Saat ini, aktivitas ekonomi seputar pembuatan gerabah di Dusun Precet telah kembali normal. Tidak semua pengrajin fokus pada pembuatan pot bunga. Mereka yang biasanya memproduksi peralatan dapur kembali memusatkan perhatian pada jenis gerabah tersebut.
Namun, produksi tempat makan kelinci milik Muhtaromin tetap ramai pesanan hingga saat ini. Setiap bulan, ia rata-rata masih mampu memproduksi sebanyak 1.500 tempat makan kelinci untuk dijual.
Permintaan besar untuk tempat makan kelinci biasanya berasal dari Surabaya, Mojokerto, Tangerang, dan Bekasi, sementara pesanan eceran lebih banyak dari Batu, Malang, Tulungagung, dan Kediri.
Selain memproduksi tempat makan kelinci, mereka juga membuat cobek untuk sambal gami atau sambal bakar. Dalam sebulan, pasangan tersebut memproduksi cobek sambal gami antara 800-900 biji.
“Mayoritas penjualan cobek sambal gami kami menuju ke luar pulau seperti Makassar, Manado, Kalimantan, dan Sumatera,” kata Muhtaromin.
Harga jual untuk tempat makan kelinci dan cobek sambal gami bervariasi tergantung pada ukuran dan kualitasnya. Mereka menjual tempat makan kelinci dan cobek mulai dari harga terendah Rp1.500, Rp2.500, Rp5.000 hingga harga tertinggi untuk kualitas terbaik Rp45.000 per biji.
“Rata-rata omzet kami dari penjualan kerajinan gerabah bisa mencapai Rp8 juta sampai Rp12 juta per bulan,” ungkap Muhtaromin.
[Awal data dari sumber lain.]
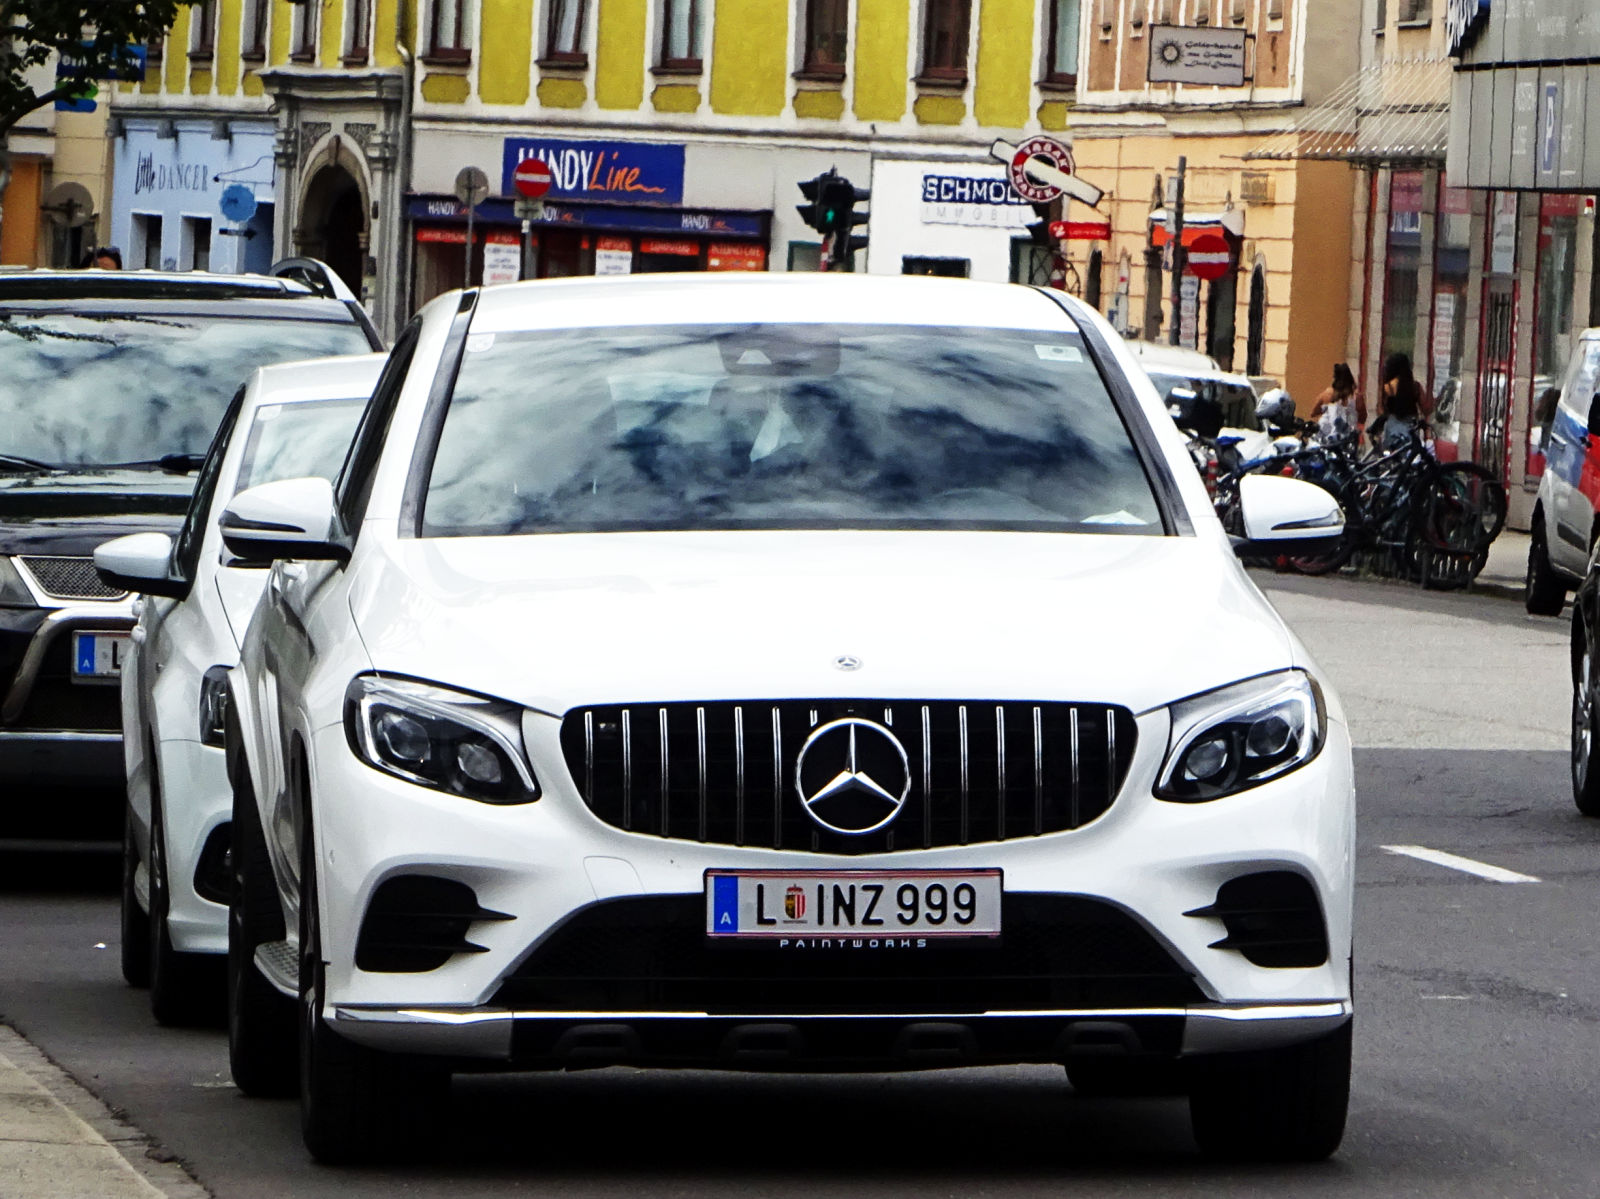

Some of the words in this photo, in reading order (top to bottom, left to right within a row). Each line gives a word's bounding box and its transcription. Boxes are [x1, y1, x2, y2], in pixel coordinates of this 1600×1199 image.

Muhtaromin biasanya memproduksi kerajinan gerabah hanya bersama istrinya. Mereka hanya menambah pekerja jika ada pesanan besar dan pelanggan meminta agar pesanan terselesaikan dengan cepat.
“Saat menambah pekerja, kami lebih suka memilih yang sudah memiliki keterampilan dalam membuat kerajinan gerabah, biasanya keponakan kami sendiri,” tambah Muhtaromin.